The financial implications of insurance companies paying out millions for homeowners to have their properties cleaned will be felt by all of us, as premiums rise. And all because of faulty science.
Opposition leader Simon Bridges says that when his party was in government, they were sceptical about the advice being given by the Ministry of Health. He says they questioned the meth standard, but the advice they were consistently given was that it was unsafe for people to be in the contaminated homes.
Really? In 2015, the then Social Housing Minister, Paula Bennett, didn't sound like she had any doubts at all about the standards being applied when she endorsed the hardline approach Housing New Zealand was taking over the detection of meth and the subsequent evictions.
I guess you're only as good as the advice you're being given. Or the advice you choose to hear. Because doubts about the science behind the standards have been raised for a number of years and the former government chose not to listen to them.

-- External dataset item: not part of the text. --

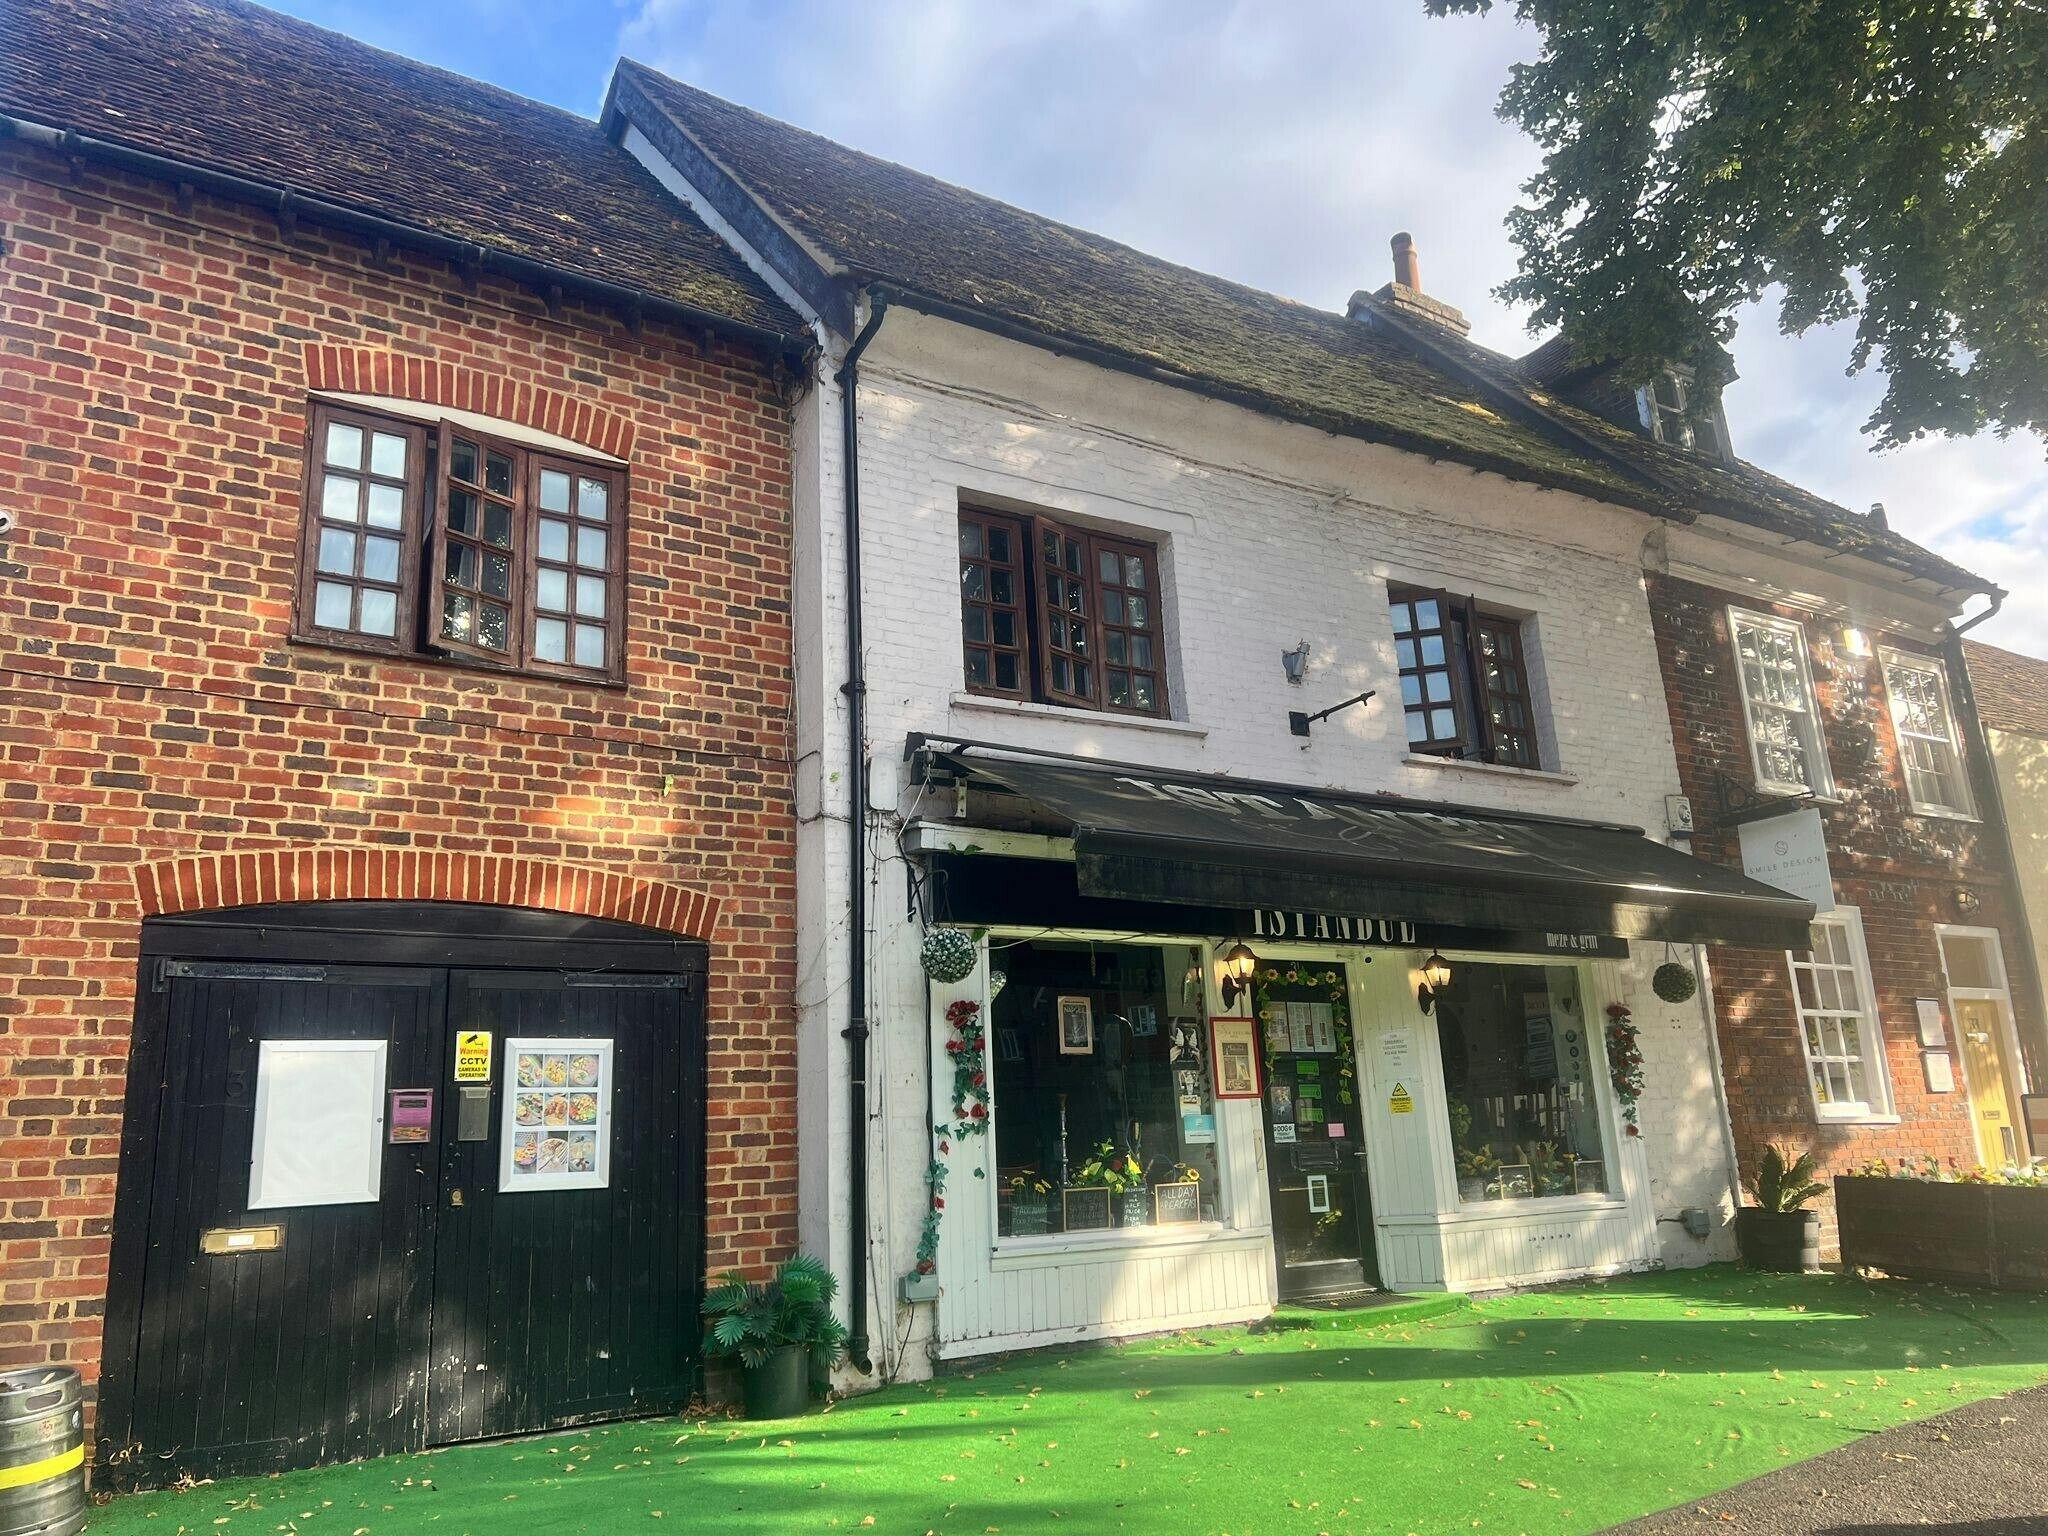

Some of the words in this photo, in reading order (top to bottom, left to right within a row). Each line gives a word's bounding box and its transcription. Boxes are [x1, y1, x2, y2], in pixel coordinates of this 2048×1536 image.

Blogger Russell Brown, the team at the Spinoff, academic Dr Nick Kim, the Drug Foundation – all raised questions about the standards that were being applied by the housing ministry. The team at Fair Go found the levels of meth on bank notes was higher than the level at which Housing New Zealand was throwing out tenants and even the Ministry of Health reported that the standards were being misapplied by Housing New Zealand.
So the standards are a crock and it's cost the country hundreds of millions of dollars. But that's not the worst of it. The government's authority and those of its agencies has been badly damaged.
It's going to make it even more difficult for the government – any government - to claim it is acting in our best interests when it applies rules and regulations.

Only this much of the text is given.